Ici, ce ne sont pas des plaques qui indiquent le nom des rues, mais des bulles. A chaque coin de rue, les passants ont l’occasion de faire plus ample connaissance avec Gaston, Astérix et bien d’autres personnages de bandes dessinées peints sur les murs. Bienvenue à Angoulême. Une ville qui a fait de la BD un art et un style de vie à part entière, au point d’y consacrer un festival, chaque année, depuis déjà 38 ans. Du 27 au 30 janvier se sont déroulés les 4 jours du Festival International de la Bande Dessinée (FIBD), évènement incontournable pour tous les auteurs, éditeurs et fervents adeptes du 9ème art. Un festival qui a tient vraiment à cœur des Angoumoisins et de leur maire, Philippe Lavaud, pour qui le FIBD est « un investissement permanent et durable (…), car la bande dessinée a prouvé depuis belle lurette qu’elle est un formidable instrument pédagogique ». Le Ministre de la Culture Frédéric Mitterrand n’est pas en reste, et considère quant à lui que si la BD est un secteur qui « vit des heures difficiles », elle n’en reste pas moins un secteur créatif avec « un tsunami de productions ».

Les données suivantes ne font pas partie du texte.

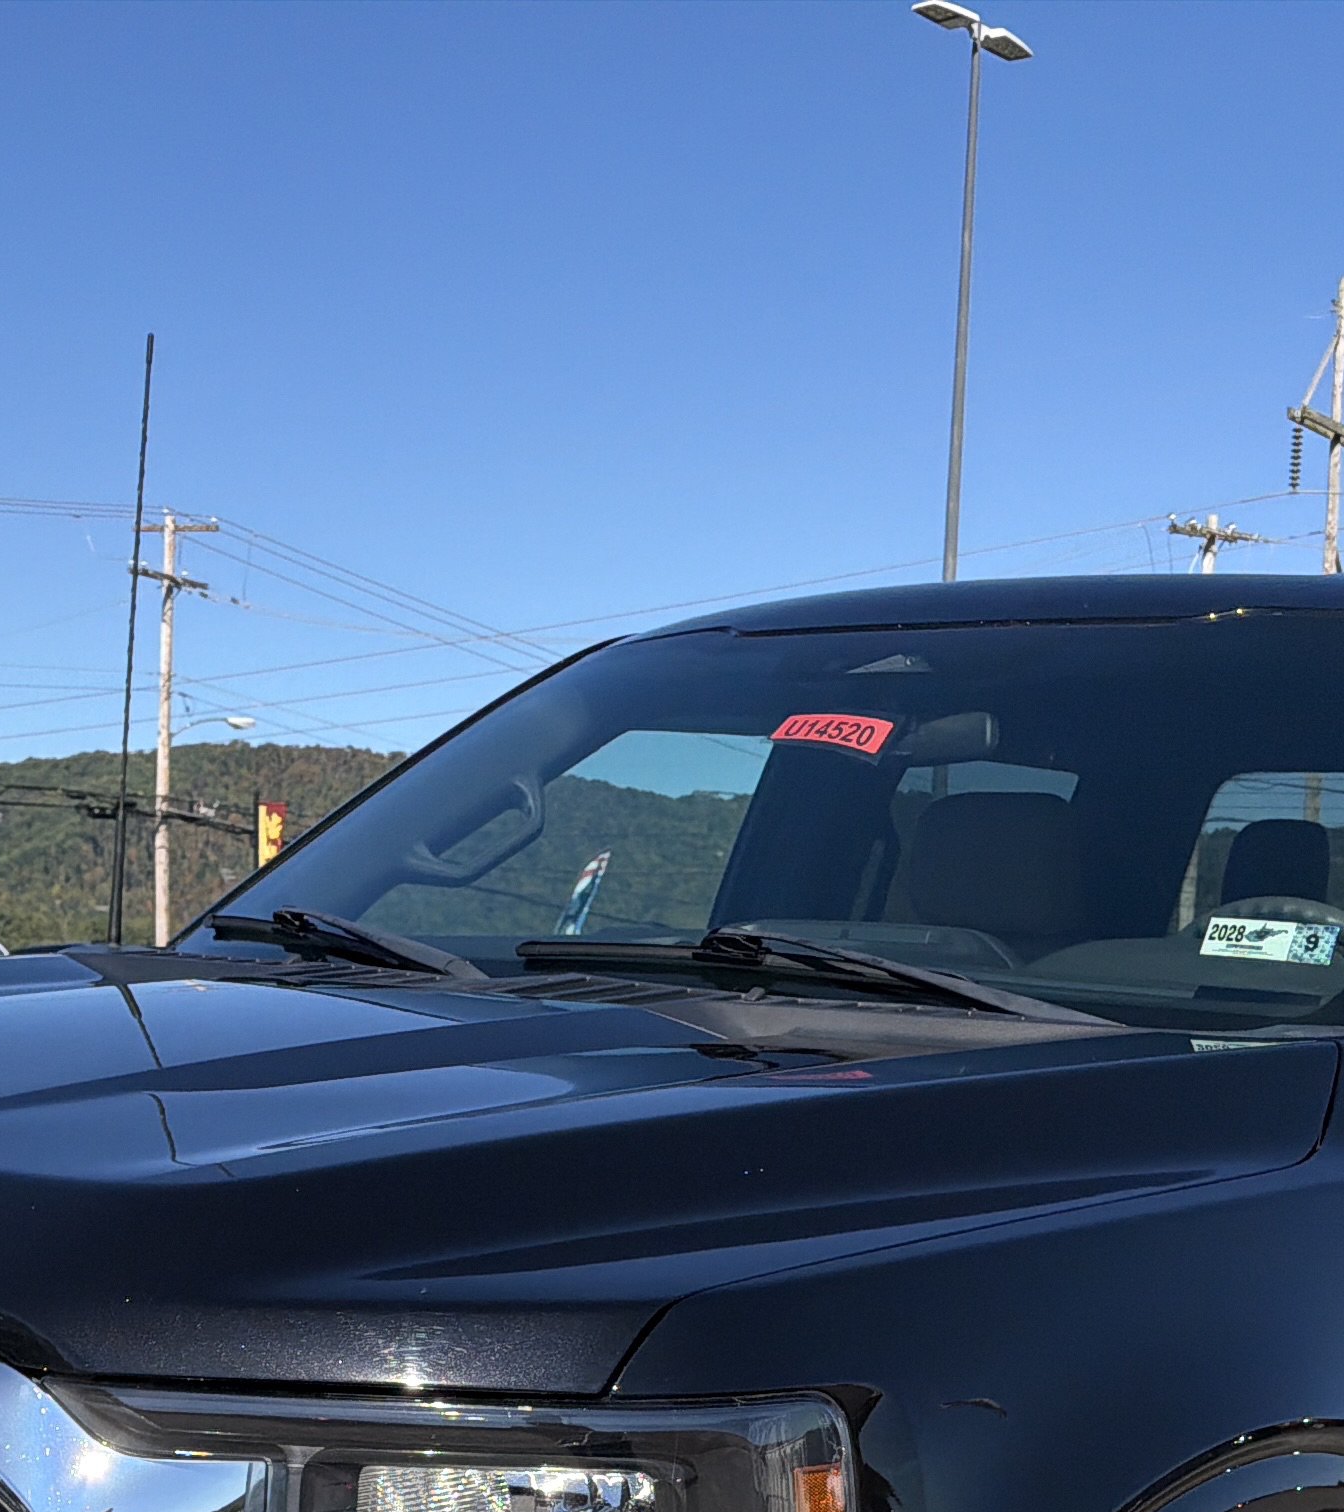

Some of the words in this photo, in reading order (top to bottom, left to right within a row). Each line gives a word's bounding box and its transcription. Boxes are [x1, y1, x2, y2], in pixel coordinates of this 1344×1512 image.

[784, 719, 876, 747] U14520
[1207, 923, 1246, 943] 2028
[1304, 933, 1320, 952] 9
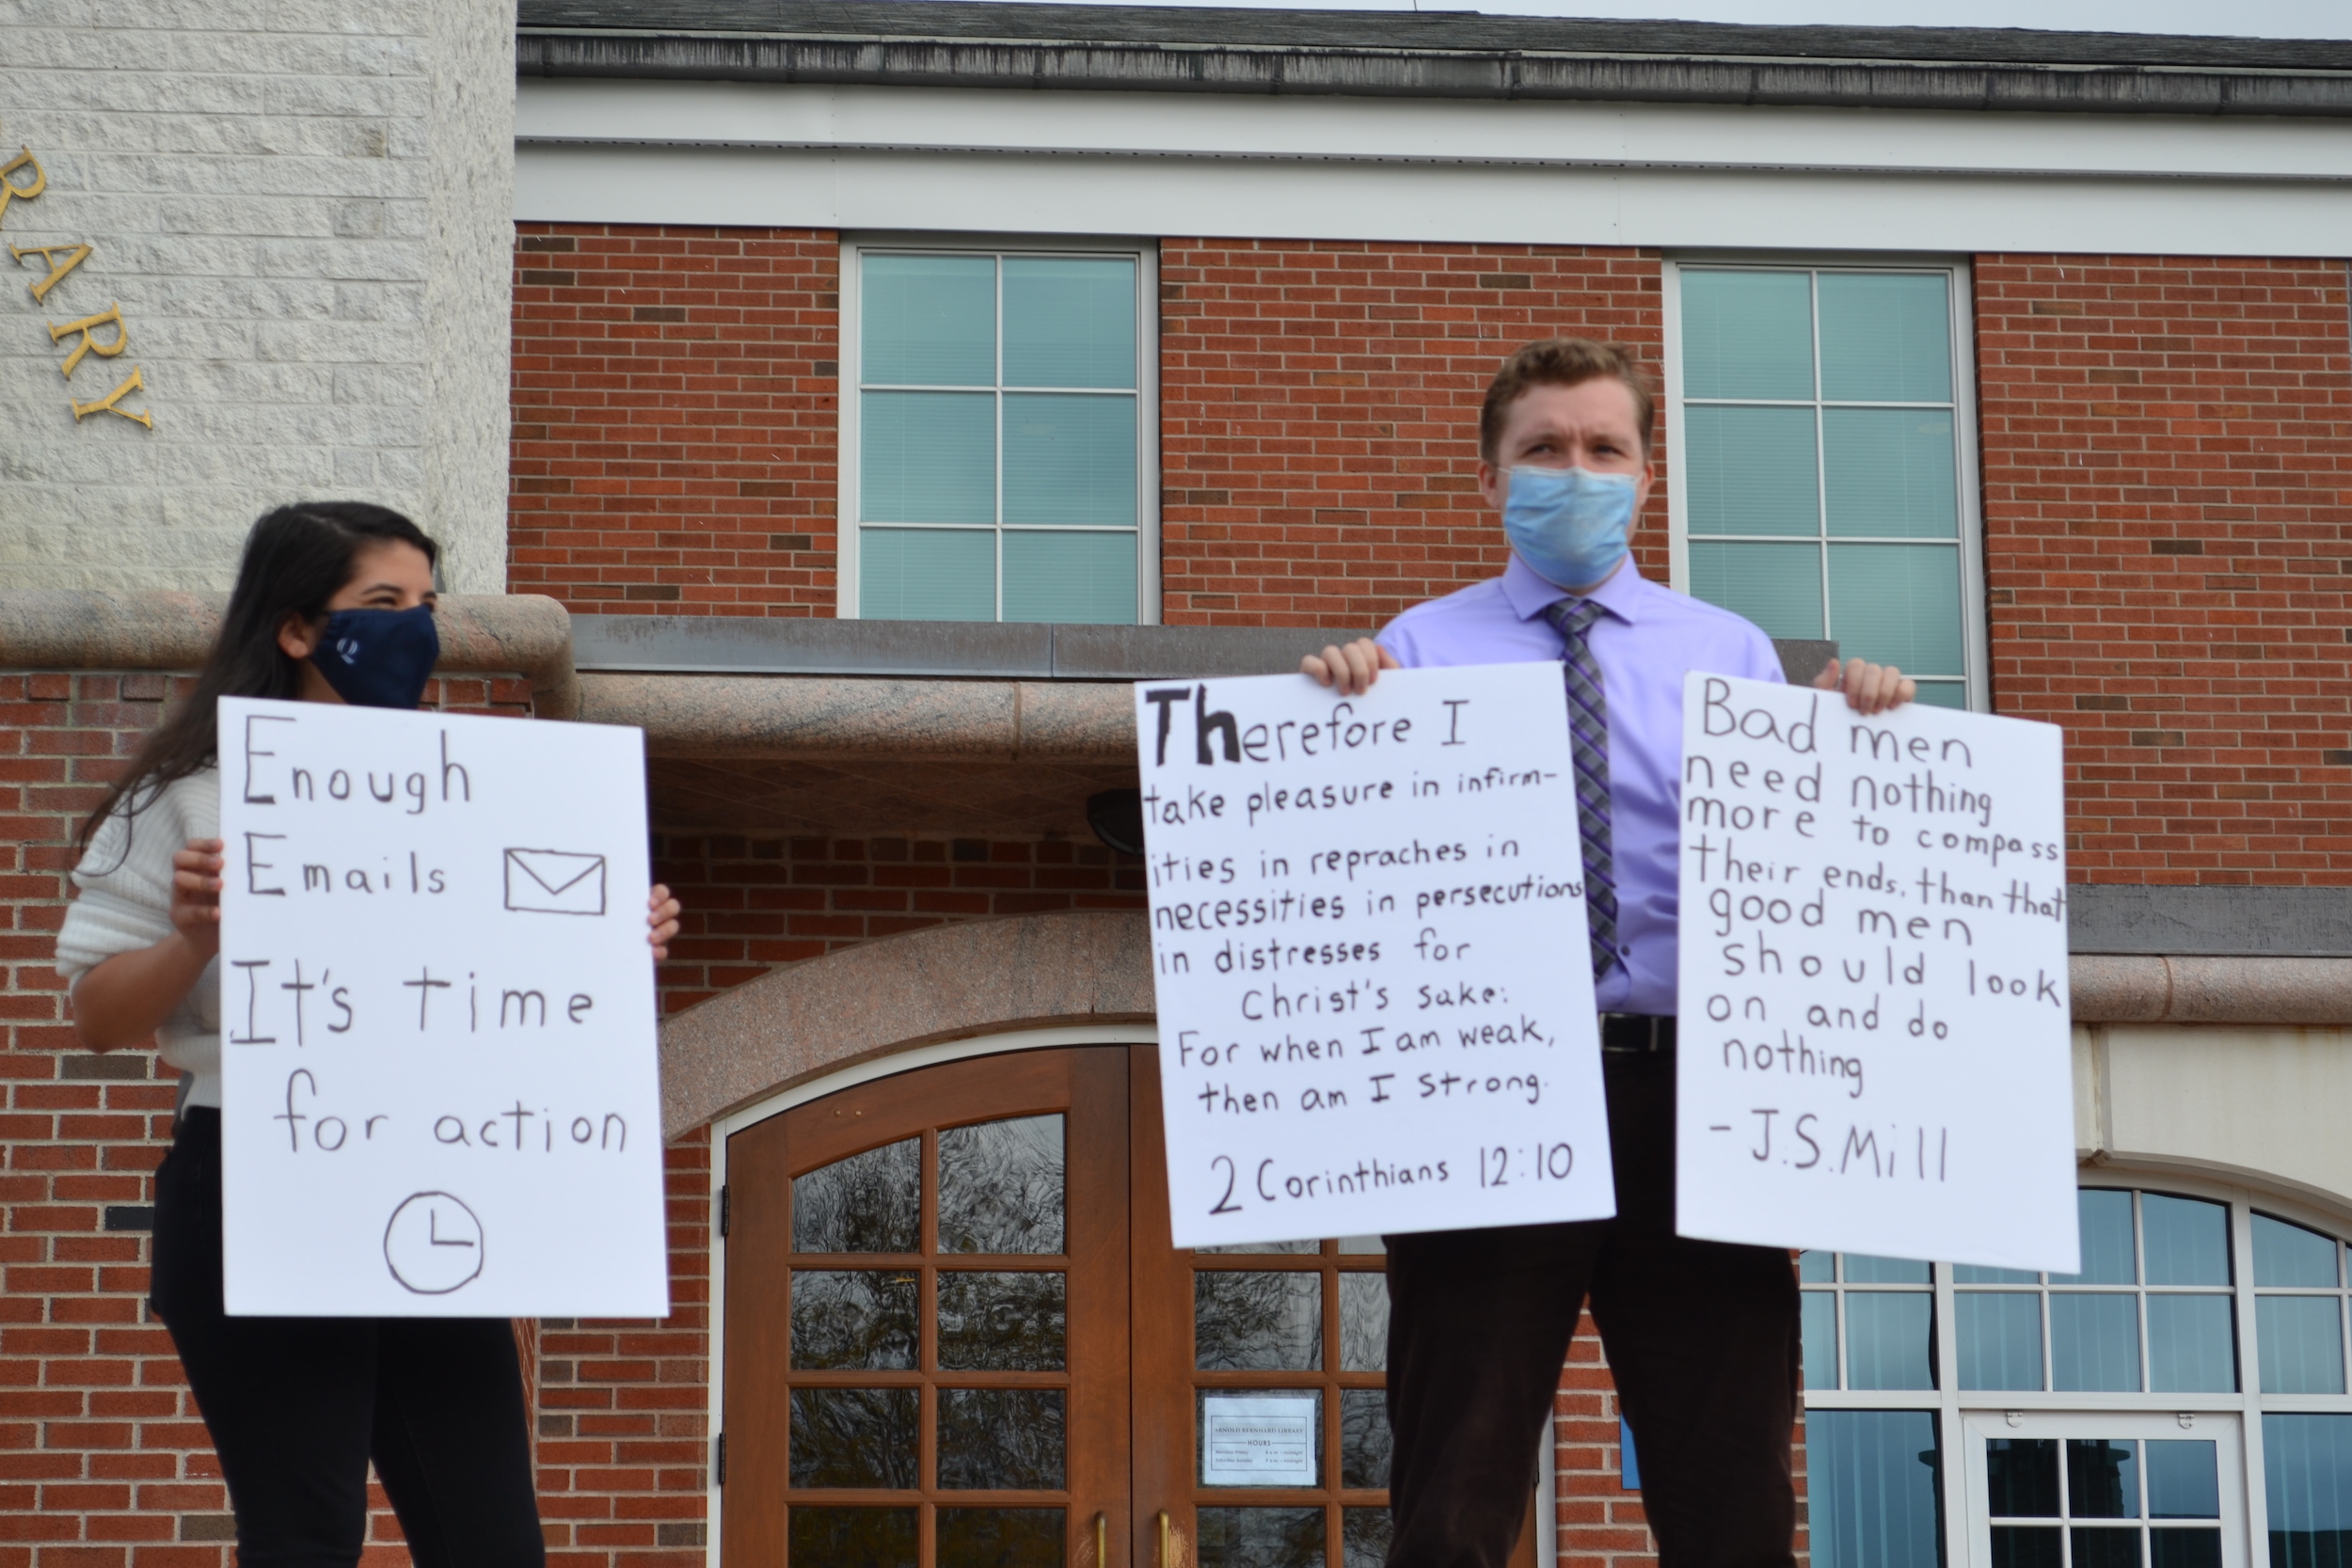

Comme chaque année, le festival a réunit sur quatre jours plusieurs milliers de visiteurs, venus de partout dans le monde. Et comme les festivités ne se cantonne pas à un bâtiment, mais est répandu dans diverses « bulles » réparties à travers toute la ville, c’est l’occasion où jamais d’arpenter les rues d’Angoulême, dont nombreuses sont piétonnes. Ici aussi, l’univers de la BD est omniprésent. Outre les scènes tirées des ouvrages plus ou moins connus et des multiples échoppes vendant des bandes dessinées, on découvre aussi que les rues sont nommées en hommage aux plus célèbres illustrateurs, telle que la rue Hérgé. Pour se retrouver entre les différentes « bulles », il suffit de suivre le Fauve (prononcez « Fôve », avec l’accent) petit personnage en forme de chat, symbole de l’évènement et présent à tous les coins de rues pour guider les visiteurs. Rues où l’ont peut croiser un petit vendeur ambulant, âgé d’à peine 10 ans, qui « profite du festival pour essayer de faire connaitre sa BD ». Une vingtaine de pages sur le basket, écrites par un enfant inspiré par l’ambiance de la ville, et bien décidé à « participer un jour au festival, mais pas en tant que visiteur ! ».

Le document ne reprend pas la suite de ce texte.